[Text-to-region grounding data]
....................
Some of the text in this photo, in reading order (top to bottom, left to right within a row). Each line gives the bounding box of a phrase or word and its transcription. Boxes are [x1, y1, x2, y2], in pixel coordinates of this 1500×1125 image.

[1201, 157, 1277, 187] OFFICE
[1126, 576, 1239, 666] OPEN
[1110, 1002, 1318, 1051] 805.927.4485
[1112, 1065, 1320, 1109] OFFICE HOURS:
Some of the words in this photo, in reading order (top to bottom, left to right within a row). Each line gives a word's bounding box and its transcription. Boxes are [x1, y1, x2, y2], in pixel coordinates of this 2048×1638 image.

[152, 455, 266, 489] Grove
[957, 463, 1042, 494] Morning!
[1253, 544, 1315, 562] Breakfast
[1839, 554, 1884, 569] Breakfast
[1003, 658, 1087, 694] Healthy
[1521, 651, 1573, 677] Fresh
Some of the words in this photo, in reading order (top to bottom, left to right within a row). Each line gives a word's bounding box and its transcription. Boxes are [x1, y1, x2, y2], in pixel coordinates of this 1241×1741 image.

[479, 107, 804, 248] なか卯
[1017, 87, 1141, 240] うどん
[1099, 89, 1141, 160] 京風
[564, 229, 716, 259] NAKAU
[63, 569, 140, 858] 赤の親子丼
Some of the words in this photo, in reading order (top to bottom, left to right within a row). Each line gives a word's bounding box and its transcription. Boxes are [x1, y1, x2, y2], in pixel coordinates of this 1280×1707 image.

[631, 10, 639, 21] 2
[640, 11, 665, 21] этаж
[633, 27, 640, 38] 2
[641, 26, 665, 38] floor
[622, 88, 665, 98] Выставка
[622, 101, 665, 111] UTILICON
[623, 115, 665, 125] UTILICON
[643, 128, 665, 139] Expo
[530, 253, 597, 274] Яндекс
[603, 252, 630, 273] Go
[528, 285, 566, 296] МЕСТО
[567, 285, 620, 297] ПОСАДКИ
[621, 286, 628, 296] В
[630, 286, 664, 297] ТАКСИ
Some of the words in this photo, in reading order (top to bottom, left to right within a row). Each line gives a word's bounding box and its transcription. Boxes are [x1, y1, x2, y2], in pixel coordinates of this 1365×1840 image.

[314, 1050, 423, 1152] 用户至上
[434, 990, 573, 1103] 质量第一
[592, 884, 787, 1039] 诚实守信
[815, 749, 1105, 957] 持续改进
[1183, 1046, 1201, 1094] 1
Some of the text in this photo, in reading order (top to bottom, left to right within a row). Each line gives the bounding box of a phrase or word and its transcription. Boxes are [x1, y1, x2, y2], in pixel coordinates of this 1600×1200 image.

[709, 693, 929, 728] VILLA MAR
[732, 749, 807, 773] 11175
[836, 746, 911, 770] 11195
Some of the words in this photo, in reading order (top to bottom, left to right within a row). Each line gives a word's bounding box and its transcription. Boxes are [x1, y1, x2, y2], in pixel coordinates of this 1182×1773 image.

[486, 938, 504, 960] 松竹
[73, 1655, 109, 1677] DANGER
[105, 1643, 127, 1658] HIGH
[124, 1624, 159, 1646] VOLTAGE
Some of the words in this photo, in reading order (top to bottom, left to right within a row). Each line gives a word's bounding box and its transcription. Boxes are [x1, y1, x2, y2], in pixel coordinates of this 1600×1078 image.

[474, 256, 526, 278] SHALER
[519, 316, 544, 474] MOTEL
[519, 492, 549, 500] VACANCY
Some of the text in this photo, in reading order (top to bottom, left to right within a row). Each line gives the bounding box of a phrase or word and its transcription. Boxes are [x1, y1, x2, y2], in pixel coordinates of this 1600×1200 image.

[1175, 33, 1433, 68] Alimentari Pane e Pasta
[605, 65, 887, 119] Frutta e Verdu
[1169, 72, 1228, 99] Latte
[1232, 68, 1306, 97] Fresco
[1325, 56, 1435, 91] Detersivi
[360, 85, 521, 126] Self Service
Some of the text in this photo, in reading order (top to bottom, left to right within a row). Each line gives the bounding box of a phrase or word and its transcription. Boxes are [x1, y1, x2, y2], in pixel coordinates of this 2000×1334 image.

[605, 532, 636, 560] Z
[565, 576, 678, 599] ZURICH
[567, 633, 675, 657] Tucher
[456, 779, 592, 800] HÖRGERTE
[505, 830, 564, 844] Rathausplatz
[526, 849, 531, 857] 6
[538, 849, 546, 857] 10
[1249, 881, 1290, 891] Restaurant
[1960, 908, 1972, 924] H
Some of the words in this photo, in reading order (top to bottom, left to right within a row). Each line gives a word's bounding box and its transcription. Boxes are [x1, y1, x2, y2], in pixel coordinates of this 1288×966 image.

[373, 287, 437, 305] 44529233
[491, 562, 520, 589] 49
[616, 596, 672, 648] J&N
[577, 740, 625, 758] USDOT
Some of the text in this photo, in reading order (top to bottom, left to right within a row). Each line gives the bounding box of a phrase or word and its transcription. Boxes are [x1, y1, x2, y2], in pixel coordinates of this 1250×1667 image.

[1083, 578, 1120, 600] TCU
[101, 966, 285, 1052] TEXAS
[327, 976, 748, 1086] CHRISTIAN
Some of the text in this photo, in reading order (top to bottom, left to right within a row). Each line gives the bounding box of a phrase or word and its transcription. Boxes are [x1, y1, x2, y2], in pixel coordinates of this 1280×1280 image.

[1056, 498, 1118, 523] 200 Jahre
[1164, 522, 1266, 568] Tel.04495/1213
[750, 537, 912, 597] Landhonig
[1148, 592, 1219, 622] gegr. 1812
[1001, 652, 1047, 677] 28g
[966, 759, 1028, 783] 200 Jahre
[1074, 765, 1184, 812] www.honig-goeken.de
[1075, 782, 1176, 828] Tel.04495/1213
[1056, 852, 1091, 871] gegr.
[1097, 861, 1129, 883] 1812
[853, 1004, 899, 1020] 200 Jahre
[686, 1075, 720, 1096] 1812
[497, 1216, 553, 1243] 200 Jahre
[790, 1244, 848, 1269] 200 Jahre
....................
▶ Assigned task
Look back at the records above. Repeat all of them exactly.

▶ Written solution
Some of the text in this photo, in reading order (top to bottom, left to right within a row). Each line gives the bounding box of a phrase or word and its transcription. Boxes are [x1, y1, x2, y2], in pixel coordinates of this 1500×1125 image.

[1201, 157, 1277, 187] OFFICE
[1126, 576, 1239, 666] OPEN
[1110, 1002, 1318, 1051] 805.927.4485
[1112, 1065, 1320, 1109] OFFICE HOURS:
Some of the words in this photo, in reading order (top to bottom, left to right within a row). Each line gives a word's bounding box and its transcription. Boxes are [x1, y1, x2, y2], in pixel coordinates of this 2048×1638 image.

[152, 455, 266, 489] Grove
[957, 463, 1042, 494] Morning!
[1253, 544, 1315, 562] Breakfast
[1839, 554, 1884, 569] Breakfast
[1003, 658, 1087, 694] Healthy
[1521, 651, 1573, 677] Fresh
Some of the words in this photo, in reading order (top to bottom, left to right within a row). Each line gives a word's bounding box and its transcription. Boxes are [x1, y1, x2, y2], in pixel coordinates of this 1241×1741 image.

[479, 107, 804, 248] なか卯
[1017, 87, 1141, 240] うどん
[1099, 89, 1141, 160] 京風
[564, 229, 716, 259] NAKAU
[63, 569, 140, 858] 赤の親子丼
Some of the words in this photo, in reading order (top to bottom, left to right within a row). Each line gives a word's bounding box and its transcription. Boxes are [x1, y1, x2, y2], in pixel coordinates of this 1280×1707 image.

[631, 10, 639, 21] 2
[640, 11, 665, 21] этаж
[633, 27, 640, 38] 2
[641, 26, 665, 38] floor
[622, 88, 665, 98] Выставка
[622, 101, 665, 111] UTILICON
[623, 115, 665, 125] UTILICON
[643, 128, 665, 139] Expo
[530, 253, 597, 274] Яндекс
[603, 252, 630, 273] Go
[528, 285, 566, 296] МЕСТО
[567, 285, 620, 297] ПОСАДКИ
[621, 286, 628, 296] В
[630, 286, 664, 297] ТАКСИ
Some of the words in this photo, in reading order (top to bottom, left to right within a row). Each line gives a word's bounding box and its transcription. Boxes are [x1, y1, x2, y2], in pixel coordinates of this 1365×1840 image.

[314, 1050, 423, 1152] 用户至上
[434, 990, 573, 1103] 质量第一
[592, 884, 787, 1039] 诚实守信
[815, 749, 1105, 957] 持续改进
[1183, 1046, 1201, 1094] 1
Some of the text in this photo, in reading order (top to bottom, left to right within a row). Each line gives the bounding box of a phrase or word and its transcription. Boxes are [x1, y1, x2, y2], in pixel coordinates of this 1600×1200 image.

[709, 693, 929, 728] VILLA MAR
[732, 749, 807, 773] 11175
[836, 746, 911, 770] 11195
Some of the words in this photo, in reading order (top to bottom, left to right within a row). Each line gives a word's bounding box and its transcription. Boxes are [x1, y1, x2, y2], in pixel coordinates of this 1182×1773 image.

[486, 938, 504, 960] 松竹
[73, 1655, 109, 1677] DANGER
[105, 1643, 127, 1658] HIGH
[124, 1624, 159, 1646] VOLTAGE
Some of the words in this photo, in reading order (top to bottom, left to right within a row). Each line gives a word's bounding box and its transcription. Boxes are [x1, y1, x2, y2], in pixel coordinates of this 1600×1078 image.

[474, 256, 526, 278] SHALER
[519, 316, 544, 474] MOTEL
[519, 492, 549, 500] VACANCY
Some of the text in this photo, in reading order (top to bottom, left to right within a row). Each line gives the bounding box of a phrase or word and its transcription. Boxes are [x1, y1, x2, y2], in pixel coordinates of this 1600×1200 image.

[1175, 33, 1433, 68] Alimentari Pane e Pasta
[605, 65, 887, 119] Frutta e Verdu
[1169, 72, 1228, 99] Latte
[1232, 68, 1306, 97] Fresco
[1325, 56, 1435, 91] Detersivi
[360, 85, 521, 126] Self Service
Some of the text in this photo, in reading order (top to bottom, left to right within a row). Each line gives the bounding box of a phrase or word and its transcription. Boxes are [x1, y1, x2, y2], in pixel coordinates of this 2000×1334 image.

[605, 532, 636, 560] Z
[565, 576, 678, 599] ZURICH
[567, 633, 675, 657] Tucher
[456, 779, 592, 800] HÖRGERTE
[505, 830, 564, 844] Rathausplatz
[526, 849, 531, 857] 6
[538, 849, 546, 857] 10
[1249, 881, 1290, 891] Restaurant
[1960, 908, 1972, 924] H
Some of the words in this photo, in reading order (top to bottom, left to right within a row). Each line gives a word's bounding box and its transcription. Boxes are [x1, y1, x2, y2], in pixel coordinates of this 1288×966 image.

[373, 287, 437, 305] 44529233
[491, 562, 520, 589] 49
[616, 596, 672, 648] J&N
[577, 740, 625, 758] USDOT
Some of the text in this photo, in reading order (top to bottom, left to right within a row). Each line gives the bounding box of a phrase or word and its transcription. Boxes are [x1, y1, x2, y2], in pixel coordinates of this 1250×1667 image.

[1083, 578, 1120, 600] TCU
[101, 966, 285, 1052] TEXAS
[327, 976, 748, 1086] CHRISTIAN
Some of the text in this photo, in reading order (top to bottom, left to right within a row). Each line gives the bounding box of a phrase or word and its transcription. Boxes are [x1, y1, x2, y2], in pixel coordinates of this 1280×1280 image.

[1056, 498, 1118, 523] 200 Jahre
[1164, 522, 1266, 568] Tel.04495/1213
[750, 537, 912, 597] Landhonig
[1148, 592, 1219, 622] gegr. 1812
[1001, 652, 1047, 677] 28g
[966, 759, 1028, 783] 200 Jahre
[1074, 765, 1184, 812] www.honig-goeken.de
[1075, 782, 1176, 828] Tel.04495/1213
[1056, 852, 1091, 871] gegr.
[1097, 861, 1129, 883] 1812
[853, 1004, 899, 1020] 200 Jahre
[686, 1075, 720, 1096] 1812
[497, 1216, 553, 1243] 200 Jahre
[790, 1244, 848, 1269] 200 Jahre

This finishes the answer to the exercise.